Metal-Organic Framework-Derived Ultra-Microporous Bismuth Oxide Synchronizing Energy Density and Stability in Symmetric Supercapacitors

Abstract

The development of bismuth oxide (Bi 2 O 3 ) for supercapacitors is hampered by its intrinsic poor electrical conductivity and structural instability. Herein, a metal-organic framework (MOF)derived strategy is presented to engineer ultra-microporous Bi 2 O 3 architectures with tailored electronic and structural properties. Through a solvothermal-calcination process using terephthalic acid, Bi 2 O 3 is transformed into a hierarchically porous structure with a high surface area of 117 m 2 g -1 , dominated by ultra-micropores (0.42 nm).

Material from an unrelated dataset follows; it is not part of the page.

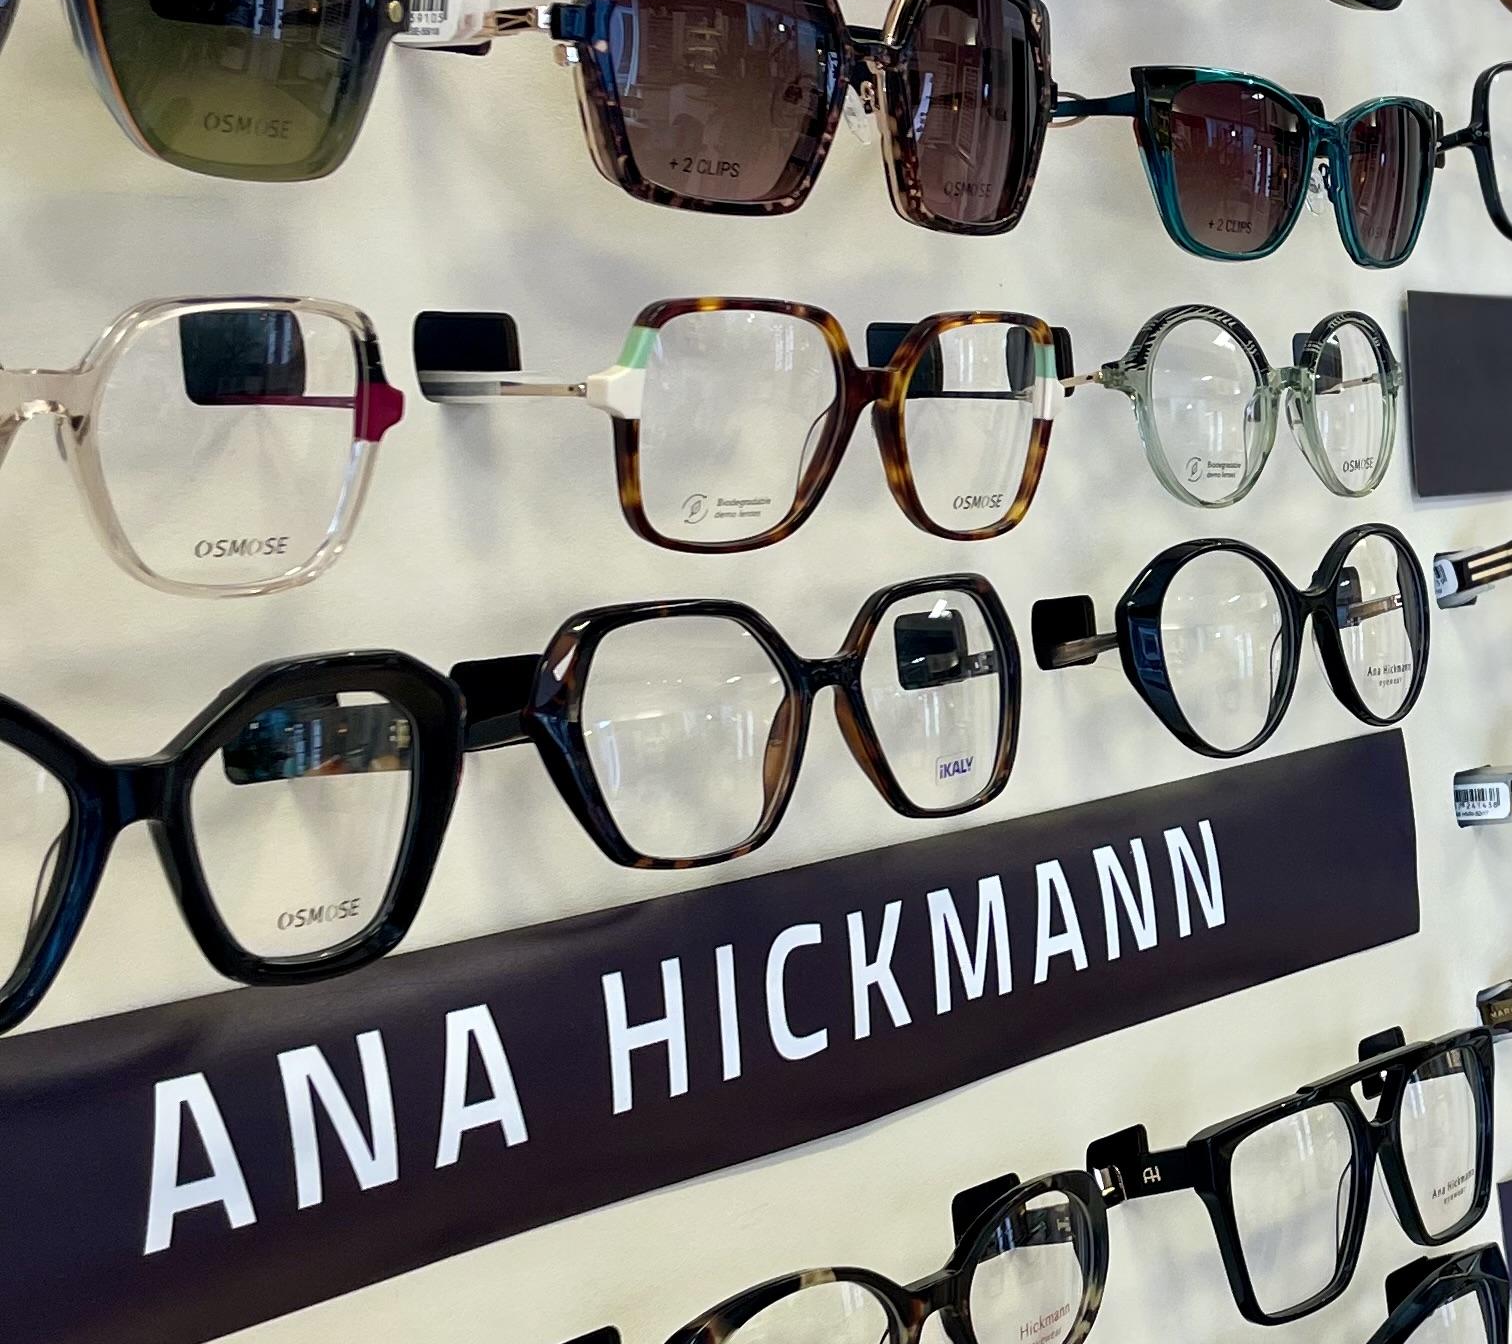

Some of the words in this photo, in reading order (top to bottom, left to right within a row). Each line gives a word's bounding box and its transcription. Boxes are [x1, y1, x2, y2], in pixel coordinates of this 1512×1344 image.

This architecture facilitates efficient ion transport and redox kinetics, evidenced by a low charge-transfer resistance, achieving a specific capacitance of 1248 F g -1 at 0.5 A g -1 in a three-electrode configuration. When configured as a symmetric supercapacitor, the MOF-derived Bi 2 O 3 electrode delivers a specific capacitance of 1088 F g -1 , a high energy density of 288 Wh kg -1 , and a power density of 109 W kg -1 . The device exhibits high cyclic stability, retaining 75.3% of its initial capacitance over 10,000 cycles with a Coulombic efficiency of 81.4%. This work underscores the profound impact of MOF-derived ultramicroporosity in overcoming the limitations of metal oxides, paving the way for next-generation, long-lasting energy storage devices.